6. The method according to claim 5, characterized in that, The formula for the calculation model is as follows: s 挤 =-0.02P′ 2 +2.03P′-0.0002n 2 -0.14n-0.002T+95.92 In the formula, σ 挤 P' represents the external extrusion load value that causes instability and collapse; P' is the percentage of the target internal pressure to the extreme value of the casing pressure load; n is the number of cycles; and T is the target temperature.
7. The method according to claim 2, characterized in that, The time for heat preservation and pressure holding are the interval time and pressure holding time during multi-stage fracturing operations in the field under the fracturing conditions of oil and gas well construction, respectively.

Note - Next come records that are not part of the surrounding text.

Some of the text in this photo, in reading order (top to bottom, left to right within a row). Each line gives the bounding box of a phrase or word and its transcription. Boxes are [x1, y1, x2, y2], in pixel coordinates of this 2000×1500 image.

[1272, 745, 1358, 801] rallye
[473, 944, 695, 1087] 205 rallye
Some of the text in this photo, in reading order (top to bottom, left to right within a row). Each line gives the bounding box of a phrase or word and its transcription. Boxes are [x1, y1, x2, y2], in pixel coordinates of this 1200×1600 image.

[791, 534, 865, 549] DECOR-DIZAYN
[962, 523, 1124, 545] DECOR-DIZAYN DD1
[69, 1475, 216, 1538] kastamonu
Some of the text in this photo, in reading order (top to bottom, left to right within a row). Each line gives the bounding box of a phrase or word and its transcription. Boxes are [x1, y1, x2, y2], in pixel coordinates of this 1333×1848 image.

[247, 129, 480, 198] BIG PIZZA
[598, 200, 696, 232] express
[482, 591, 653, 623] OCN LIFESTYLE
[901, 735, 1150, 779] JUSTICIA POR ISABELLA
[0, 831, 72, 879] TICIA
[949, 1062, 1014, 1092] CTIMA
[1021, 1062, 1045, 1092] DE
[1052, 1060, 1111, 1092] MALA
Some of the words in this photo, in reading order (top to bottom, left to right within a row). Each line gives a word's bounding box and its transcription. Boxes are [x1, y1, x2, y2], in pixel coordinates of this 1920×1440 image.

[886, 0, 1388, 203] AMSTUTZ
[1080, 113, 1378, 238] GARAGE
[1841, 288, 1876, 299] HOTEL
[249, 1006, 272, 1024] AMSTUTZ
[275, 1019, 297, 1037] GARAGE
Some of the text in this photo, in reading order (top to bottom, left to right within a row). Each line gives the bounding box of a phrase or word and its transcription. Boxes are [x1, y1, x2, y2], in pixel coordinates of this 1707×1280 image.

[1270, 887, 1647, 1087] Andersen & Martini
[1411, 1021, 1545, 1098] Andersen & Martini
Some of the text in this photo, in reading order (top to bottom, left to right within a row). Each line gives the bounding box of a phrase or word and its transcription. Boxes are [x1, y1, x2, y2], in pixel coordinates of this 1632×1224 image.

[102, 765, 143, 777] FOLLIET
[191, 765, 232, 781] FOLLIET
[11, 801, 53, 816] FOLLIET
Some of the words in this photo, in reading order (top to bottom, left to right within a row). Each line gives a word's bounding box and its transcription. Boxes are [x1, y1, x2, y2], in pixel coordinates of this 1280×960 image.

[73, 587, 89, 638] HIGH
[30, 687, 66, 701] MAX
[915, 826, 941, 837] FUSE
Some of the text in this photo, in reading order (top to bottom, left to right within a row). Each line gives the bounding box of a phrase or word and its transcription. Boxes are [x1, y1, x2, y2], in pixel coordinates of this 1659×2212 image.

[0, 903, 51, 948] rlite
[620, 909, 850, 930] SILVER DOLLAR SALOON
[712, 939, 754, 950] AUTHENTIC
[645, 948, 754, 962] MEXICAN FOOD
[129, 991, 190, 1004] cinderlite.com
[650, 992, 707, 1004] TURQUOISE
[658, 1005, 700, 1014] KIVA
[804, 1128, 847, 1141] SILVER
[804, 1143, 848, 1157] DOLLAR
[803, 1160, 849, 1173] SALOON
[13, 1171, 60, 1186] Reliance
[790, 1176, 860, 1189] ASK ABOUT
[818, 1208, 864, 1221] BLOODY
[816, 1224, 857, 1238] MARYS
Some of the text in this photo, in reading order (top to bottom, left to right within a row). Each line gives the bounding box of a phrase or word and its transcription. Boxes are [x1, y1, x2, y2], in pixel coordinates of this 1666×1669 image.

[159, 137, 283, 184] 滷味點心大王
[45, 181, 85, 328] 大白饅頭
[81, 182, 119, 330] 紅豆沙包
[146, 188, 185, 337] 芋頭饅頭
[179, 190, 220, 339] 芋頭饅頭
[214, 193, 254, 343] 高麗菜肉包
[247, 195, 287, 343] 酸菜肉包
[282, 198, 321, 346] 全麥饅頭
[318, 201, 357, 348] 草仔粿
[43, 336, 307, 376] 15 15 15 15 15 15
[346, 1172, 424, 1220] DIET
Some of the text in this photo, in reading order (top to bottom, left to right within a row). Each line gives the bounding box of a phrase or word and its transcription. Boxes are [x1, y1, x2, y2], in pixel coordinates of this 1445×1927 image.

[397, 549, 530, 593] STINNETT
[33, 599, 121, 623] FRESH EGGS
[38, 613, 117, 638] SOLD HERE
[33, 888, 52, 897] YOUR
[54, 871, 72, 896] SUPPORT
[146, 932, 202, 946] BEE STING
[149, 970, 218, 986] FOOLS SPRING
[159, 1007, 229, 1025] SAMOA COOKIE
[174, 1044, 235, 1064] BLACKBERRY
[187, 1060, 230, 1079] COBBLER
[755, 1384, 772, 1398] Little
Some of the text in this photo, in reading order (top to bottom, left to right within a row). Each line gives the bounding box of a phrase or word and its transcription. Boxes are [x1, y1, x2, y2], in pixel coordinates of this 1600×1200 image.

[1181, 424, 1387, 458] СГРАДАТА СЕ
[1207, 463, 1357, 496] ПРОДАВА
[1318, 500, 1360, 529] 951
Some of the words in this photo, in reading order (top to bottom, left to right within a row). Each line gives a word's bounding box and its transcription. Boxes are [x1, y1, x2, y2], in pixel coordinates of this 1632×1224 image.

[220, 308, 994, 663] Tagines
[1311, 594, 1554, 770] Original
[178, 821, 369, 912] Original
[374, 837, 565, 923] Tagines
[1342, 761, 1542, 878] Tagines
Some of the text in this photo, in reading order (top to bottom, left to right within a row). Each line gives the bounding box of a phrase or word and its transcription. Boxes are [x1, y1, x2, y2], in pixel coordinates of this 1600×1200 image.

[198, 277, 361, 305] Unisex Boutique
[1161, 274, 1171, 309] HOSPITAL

8. An apparatus for obtaining a computational model for evaluating the resistance of casing to external extrusion, characterized in that, include: The test unit is used to conduct external extrusion tests on the casing after temperature-internal pressure alternating load treatment, and to obtain the instability and bursting external extrusion load values of the casing under different temperatures, internal pressures and alternating cycle numbers. The unit is used to obtain the calculation model based on the external extrusion load values of each instability and collapse, as well as the corresponding temperature, internal pressure, and number of alternating cycles.
9. The apparatus according to claim 8, characterized in that, The test unit includes a temperature-internal pressure alternating load treatment unit, which is used to perform temperature-internal pressure alternating load treatment on the bushing.
10. The apparatus according to claim 9, characterized in that, The temperature-internal pressure alternating load processing unit includes: a heating component covering the outer wall of the casing, sealing plugs at both ends of the casing, and a full-size testing machine connected to the sealing plugs.